*** DATA FOR PROCESSING ***

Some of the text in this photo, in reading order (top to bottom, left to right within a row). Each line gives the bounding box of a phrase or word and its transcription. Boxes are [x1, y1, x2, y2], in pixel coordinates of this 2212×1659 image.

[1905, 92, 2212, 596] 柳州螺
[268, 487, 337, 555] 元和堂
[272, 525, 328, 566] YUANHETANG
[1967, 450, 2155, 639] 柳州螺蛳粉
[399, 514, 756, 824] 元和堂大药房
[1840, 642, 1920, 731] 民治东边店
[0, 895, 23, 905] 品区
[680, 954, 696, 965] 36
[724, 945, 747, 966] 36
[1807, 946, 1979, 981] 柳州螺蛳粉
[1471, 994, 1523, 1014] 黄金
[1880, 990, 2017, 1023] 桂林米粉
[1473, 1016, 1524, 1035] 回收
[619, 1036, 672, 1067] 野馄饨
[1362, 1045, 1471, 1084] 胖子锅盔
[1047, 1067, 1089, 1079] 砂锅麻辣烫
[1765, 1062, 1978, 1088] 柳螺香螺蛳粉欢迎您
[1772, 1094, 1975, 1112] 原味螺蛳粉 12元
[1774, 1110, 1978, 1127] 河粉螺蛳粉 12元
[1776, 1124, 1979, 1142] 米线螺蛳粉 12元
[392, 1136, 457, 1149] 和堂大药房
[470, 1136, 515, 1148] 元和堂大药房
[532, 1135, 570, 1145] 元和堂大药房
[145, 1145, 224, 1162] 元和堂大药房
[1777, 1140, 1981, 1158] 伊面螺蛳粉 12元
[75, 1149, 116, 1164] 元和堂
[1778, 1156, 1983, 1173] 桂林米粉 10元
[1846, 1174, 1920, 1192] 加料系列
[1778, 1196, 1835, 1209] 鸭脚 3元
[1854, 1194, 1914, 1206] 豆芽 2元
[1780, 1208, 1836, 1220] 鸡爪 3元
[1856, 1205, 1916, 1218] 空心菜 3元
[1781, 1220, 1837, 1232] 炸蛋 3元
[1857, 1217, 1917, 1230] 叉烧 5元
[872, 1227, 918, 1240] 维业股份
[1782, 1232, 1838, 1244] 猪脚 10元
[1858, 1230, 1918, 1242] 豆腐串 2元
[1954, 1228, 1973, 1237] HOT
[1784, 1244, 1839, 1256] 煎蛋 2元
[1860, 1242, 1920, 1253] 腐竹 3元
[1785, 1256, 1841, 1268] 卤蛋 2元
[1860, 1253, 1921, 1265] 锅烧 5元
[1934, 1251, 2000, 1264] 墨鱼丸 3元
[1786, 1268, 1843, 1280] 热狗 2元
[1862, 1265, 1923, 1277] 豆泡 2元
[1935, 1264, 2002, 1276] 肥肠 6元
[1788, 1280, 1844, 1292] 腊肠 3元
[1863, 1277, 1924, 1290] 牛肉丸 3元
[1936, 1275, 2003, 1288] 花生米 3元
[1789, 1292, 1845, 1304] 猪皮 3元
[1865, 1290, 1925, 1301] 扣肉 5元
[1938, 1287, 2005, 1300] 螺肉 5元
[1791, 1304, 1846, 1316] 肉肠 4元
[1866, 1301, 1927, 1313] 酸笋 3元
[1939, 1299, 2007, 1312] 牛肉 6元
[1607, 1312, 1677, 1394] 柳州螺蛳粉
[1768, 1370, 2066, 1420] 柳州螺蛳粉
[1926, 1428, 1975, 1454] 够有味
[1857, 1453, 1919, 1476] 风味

*** End of DATA FOR PROCESSING ***

**YOUR ASSIGNMENT:** For every line of the material above that contains the word "元和堂大药房", show the line.

**RESPONSE:**
[399, 514, 756, 824] 元和堂大药房
[470, 1136, 515, 1148] 元和堂大药房
[532, 1135, 570, 1145] 元和堂大药房
[145, 1145, 224, 1162] 元和堂大药房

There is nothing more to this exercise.